Task objective: From the line with "this 1589×1788 image." to the last line of the data below, repeat every line exactly and add nothing.

Given records:

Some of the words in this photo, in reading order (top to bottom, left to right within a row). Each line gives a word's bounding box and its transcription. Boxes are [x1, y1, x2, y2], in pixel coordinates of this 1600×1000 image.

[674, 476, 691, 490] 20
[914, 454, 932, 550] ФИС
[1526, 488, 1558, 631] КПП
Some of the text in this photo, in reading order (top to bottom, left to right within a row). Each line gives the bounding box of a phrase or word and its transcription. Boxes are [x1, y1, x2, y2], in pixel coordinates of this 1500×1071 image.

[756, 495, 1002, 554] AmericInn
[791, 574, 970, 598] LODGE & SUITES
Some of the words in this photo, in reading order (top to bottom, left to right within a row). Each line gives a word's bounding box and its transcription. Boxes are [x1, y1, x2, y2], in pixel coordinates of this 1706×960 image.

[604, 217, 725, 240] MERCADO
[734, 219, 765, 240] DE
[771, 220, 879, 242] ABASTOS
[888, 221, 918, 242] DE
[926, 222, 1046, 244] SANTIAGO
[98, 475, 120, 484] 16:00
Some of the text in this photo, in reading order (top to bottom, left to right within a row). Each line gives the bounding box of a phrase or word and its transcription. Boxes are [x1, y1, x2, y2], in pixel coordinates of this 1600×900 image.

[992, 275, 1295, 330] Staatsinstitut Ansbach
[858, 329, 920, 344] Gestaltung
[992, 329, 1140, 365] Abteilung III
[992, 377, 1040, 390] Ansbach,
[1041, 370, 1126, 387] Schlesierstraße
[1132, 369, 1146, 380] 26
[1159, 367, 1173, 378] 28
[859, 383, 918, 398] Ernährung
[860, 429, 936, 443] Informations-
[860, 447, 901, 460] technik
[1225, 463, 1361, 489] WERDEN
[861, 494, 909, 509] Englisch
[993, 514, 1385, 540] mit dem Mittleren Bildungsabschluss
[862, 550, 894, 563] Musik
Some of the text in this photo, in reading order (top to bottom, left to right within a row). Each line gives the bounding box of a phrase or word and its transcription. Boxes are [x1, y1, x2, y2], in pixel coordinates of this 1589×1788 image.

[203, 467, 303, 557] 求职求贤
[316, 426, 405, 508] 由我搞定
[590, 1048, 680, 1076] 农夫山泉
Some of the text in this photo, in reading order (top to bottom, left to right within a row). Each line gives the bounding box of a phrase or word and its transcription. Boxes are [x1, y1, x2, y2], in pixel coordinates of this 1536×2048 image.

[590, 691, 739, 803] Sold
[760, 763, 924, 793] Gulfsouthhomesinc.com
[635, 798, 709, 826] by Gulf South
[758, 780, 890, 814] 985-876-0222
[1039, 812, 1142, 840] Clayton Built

Expected output:
Some of the text in this photo, in reading order (top to bottom, left to right within a row). Each line gives the bounding box of a phrase or word and its transcription. Boxes are [x1, y1, x2, y2], in pixel coordinates of this 1589×1788 image.

[203, 467, 303, 557] 求职求贤
[316, 426, 405, 508] 由我搞定
[590, 1048, 680, 1076] 农夫山泉
Some of the text in this photo, in reading order (top to bottom, left to right within a row). Each line gives the bounding box of a phrase or word and its transcription. Boxes are [x1, y1, x2, y2], in pixel coordinates of this 1536×2048 image.

[590, 691, 739, 803] Sold
[760, 763, 924, 793] Gulfsouthhomesinc.com
[635, 798, 709, 826] by Gulf South
[758, 780, 890, 814] 985-876-0222
[1039, 812, 1142, 840] Clayton Built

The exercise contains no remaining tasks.